Civilization: The West and the Rest (2011) by Nial Ferguson is another blockbuster book and TV series combination from the Scottish historian. It’s great in that it takes on one of history’s great questions, that of why European civilization came to dominate the world. But while raising an important question the book has serious problems.
Ferguson says that the West came to rule the rest of the world rather than China because it had 6 ‘Killer Apps’. These were:
- Competition: Europe had multiple states and cities that competed, China had absolute rule.
- Science: Europeans were fascinated by science and technology and used it.
- Property: Europeans had property rights that were strong.
- Medicine: European science led to medicine that worked, for the first time in history.
- Consumption: The West worked for the consumption of the people.
- Work: The protestant work ethic.
It’s embarrassing that Ferguson calls these ideas ‘Killer Apps’. The terminology may seem up to date to some people today but before long it will dated and silly.

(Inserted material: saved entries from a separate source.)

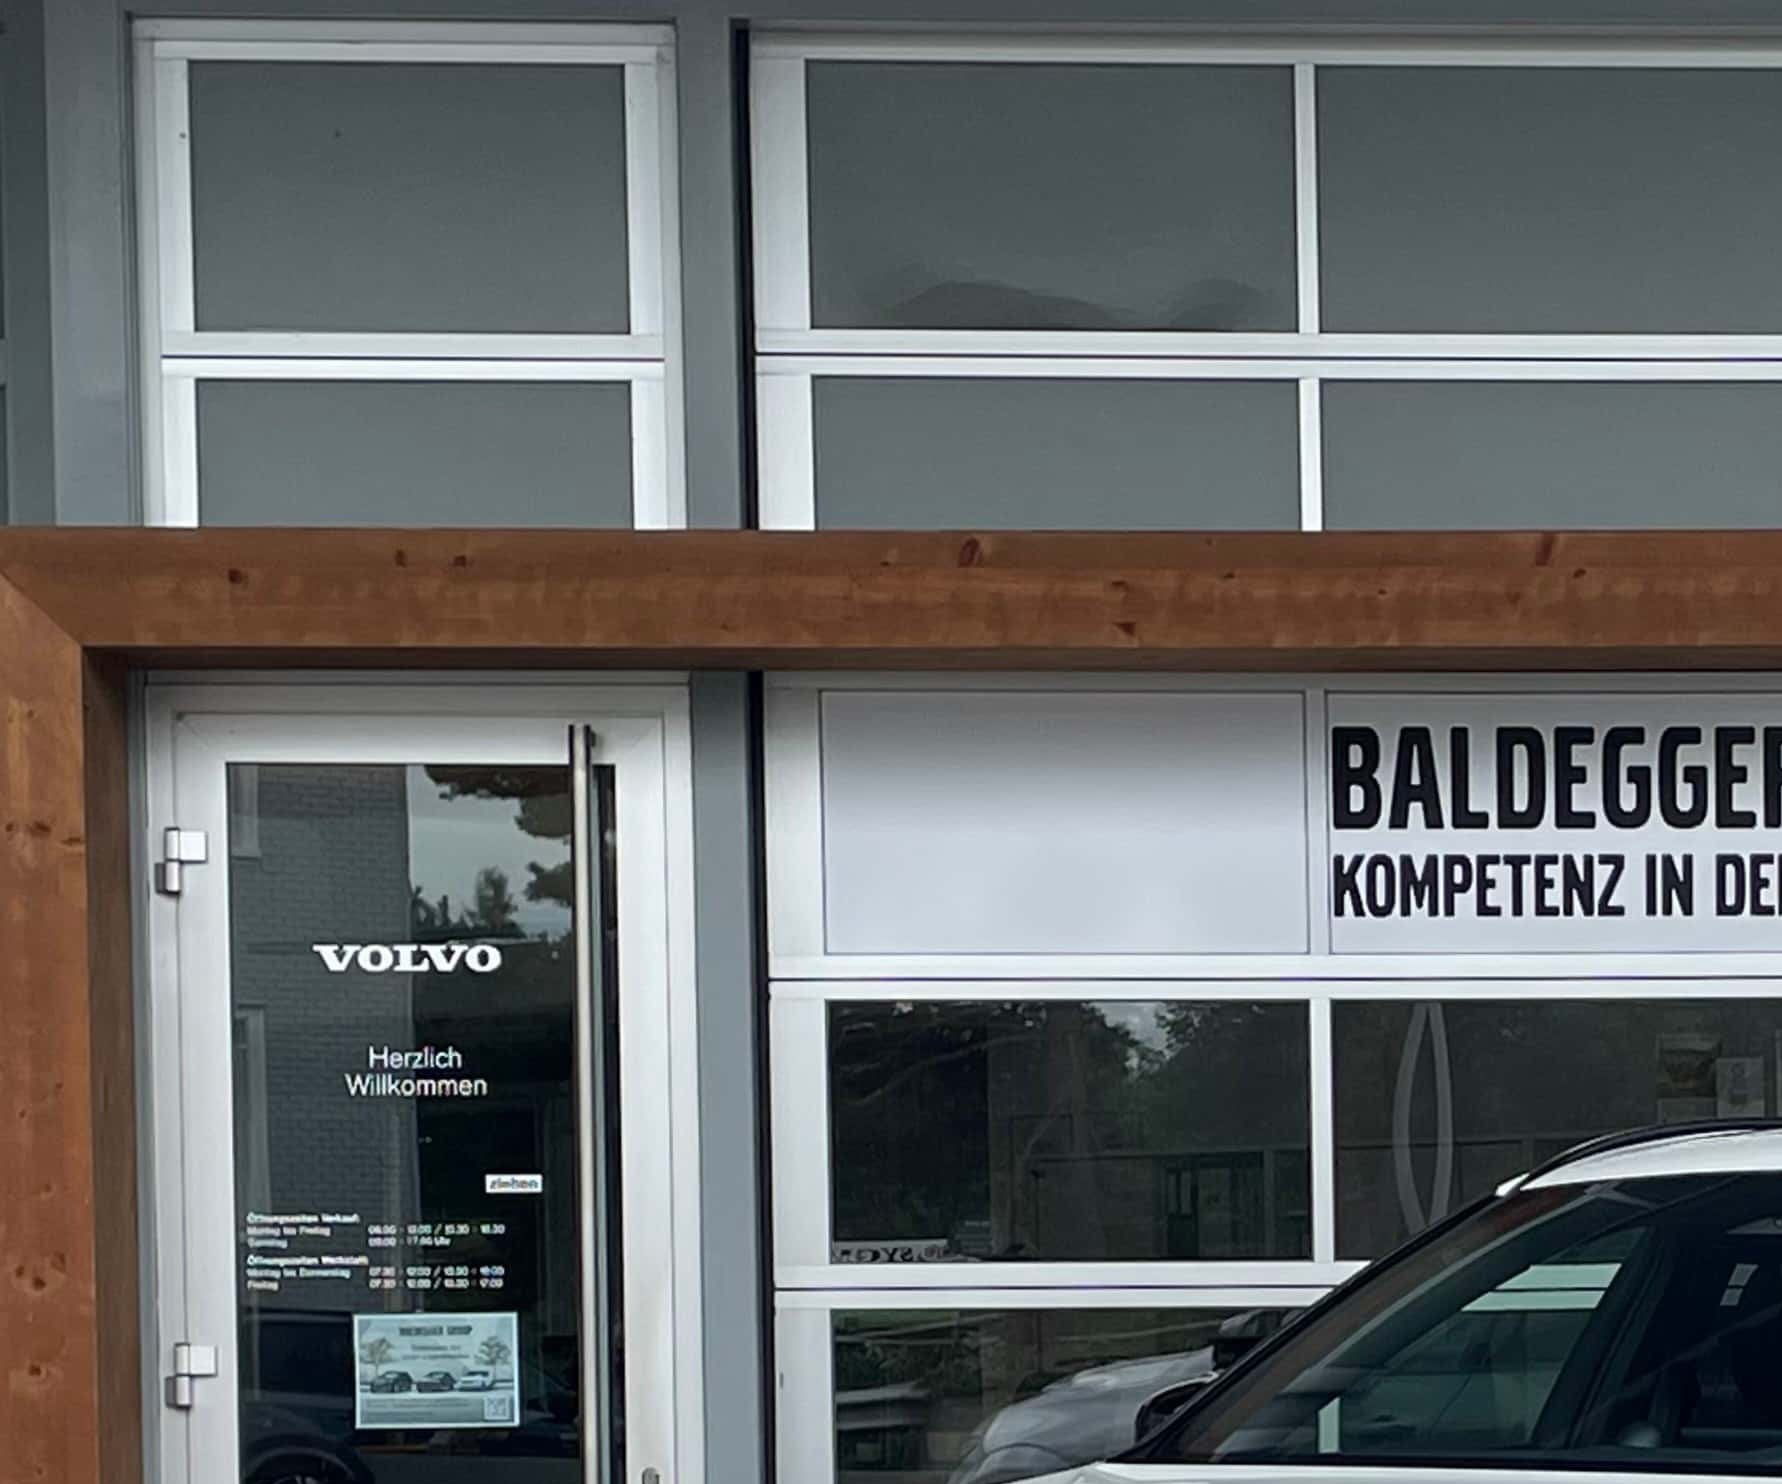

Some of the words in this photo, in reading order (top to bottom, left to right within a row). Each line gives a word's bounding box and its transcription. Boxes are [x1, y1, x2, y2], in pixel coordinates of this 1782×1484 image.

[1333, 852, 1625, 917] KOMPETENZ
[1645, 852, 1694, 917] IN
[313, 944, 502, 972] VOLVO
[368, 1046, 462, 1069] Herzlich
[344, 1073, 488, 1097] Willkommen
[489, 1177, 539, 1190] ziehen

The other question is whether the groups are really separate or whether they could be grouped into few groups or more are needed. It’s hard to see why science and medicine are separate. Property and consumption could also be grouped under ‘capitalism’. Property itself is a problem. In many European states property was held from the crown and firm property rights were not extant. Ferguson’s chapter on this contrasts the way two different European powers, the Spanish and the English handled property rights in the New World.The chapter on the work ethic is questionable. It begins by talking about the decline of the West and meanders on from there.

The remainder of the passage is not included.